A recent interview with Tarquin discussing the ins and outs of corporate fertility benefits has uncovered a new trend in what those in the job market are looking for – as well as the shortfall in what employers themselves are offering. The full interview can be read here.
“Many employees are questioning what they really want to be doing in their lives and careers. People are thinking about the uncertainty of the future and what it means for traditional life milestones, such as having children. Many are wondering about having children and how their current work situation might impact the timing of this milestone”, Tarquin says.
At the same time, Tarquin has seen the talent pool becoming increasingly highly risk-averse, with many candidates now rejecting top-notch job offers because of a mismatch with their new work ideals.
“These changes in ideals have made it much harder for companies to both attract and retain talent. The cost of recruitment is very high, and the average active member of the working population will change jobs every 2 – 3 years, so retaining them for another few years is really valuable for businesses.”
Now, more than ever, it’s important for companies to be re-evaluating what their policies and employee benefit offerings are saying about their values.
Tarquin agrees. “When it comes to securing top talent, a company’s ability to differentiate their workplace offering from their competitors is probably the biggest factor right now. The ability to match the individual’s values can sometimes be the one thing that convinces a candidate that this is the right company for them.”
According to Tarquin, fertility-related benefits in particular can be highly attractive to the talent pool, since:
- 1 in 7 couples in the UK encounter difficulties with conceiving
- The average age of a first-time mother is 30 in the UK, when natural fertility is already beginning to decline
- 1 in 4 women experience miscarriage
- The number of women turning to egg freezing, as a way of delaying parenthood so they can pursue their career, is increasing
- Single parenthood is an option for some; the number of single women pursuing IVF treatment has increased by 35% since 2014
- 60% of fertility treatment in the UK is privately funded, due to reduced NHS funding; this can mean costs of up to £24,000 for multiple rounds of IVF treatment
- Fertility treatment is a key pathway for LGBTQI+ individuals who wish to build a family.
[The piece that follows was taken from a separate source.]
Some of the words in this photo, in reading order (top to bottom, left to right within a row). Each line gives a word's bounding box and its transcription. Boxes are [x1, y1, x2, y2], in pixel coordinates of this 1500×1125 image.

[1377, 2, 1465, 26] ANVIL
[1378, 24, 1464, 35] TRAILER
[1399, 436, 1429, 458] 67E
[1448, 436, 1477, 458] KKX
With only 14% of LGBTQ+ individuals feeling fully supported by their employer, fertility-focused benefits can contribute to a more inclusive workplace
- IVF success rates are only 30%, adding to the financially, physically and emotionally draining nature of fertility treatment. Companies able to support employees during this challenging time can make a big impact to their quality of life.
“Fertility and family-building benefits are not uncommon. Companies such as Starbucks, who offer these benefits can really stand out from the crowd and have already seen improvements in worker loyalty and productivity.
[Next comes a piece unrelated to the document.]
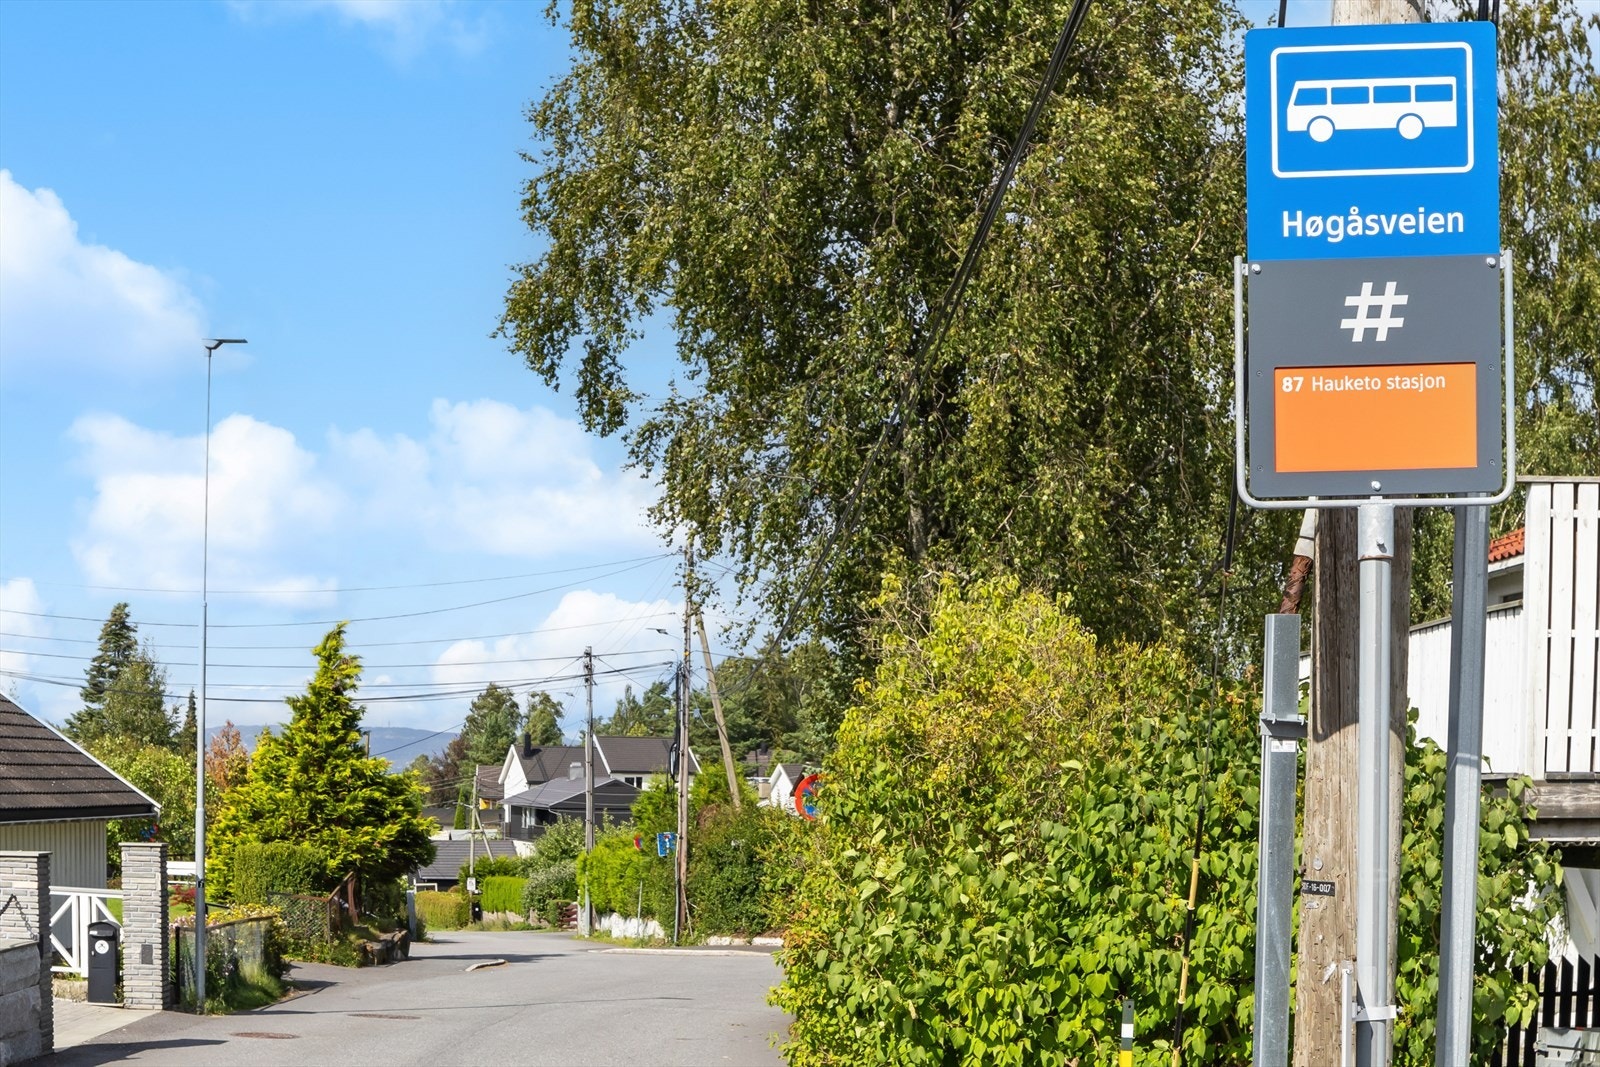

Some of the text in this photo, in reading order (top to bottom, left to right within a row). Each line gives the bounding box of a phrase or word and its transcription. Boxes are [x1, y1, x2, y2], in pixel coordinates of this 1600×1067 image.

[1282, 206, 1465, 243] Høgåsveien
[1281, 373, 1446, 392] 87 Hauketo stasjon
Fertility benefits don’t just mean giving your employees the odd few hours off to attend appointments as necessary. I like the phrase 'to treat everyone the same you’ve got to treat them differently' – and in this instance, that means providing packages that work for individuals. Often where people feel the most isolated is with emotional support. It can be hugely powerful knowing you have support at work if things don’t go to plan.
It’s important for employees to feel well supported by their employers in something as emotionally-charged as fertility. In turn, these companies also benefit from 'word of mouth' feedback, with employees sharing how their employer makes an impact on their personal lives. In the age of social media, companies working to support their employees are also ensuring that the impact their employees talk about is positive.”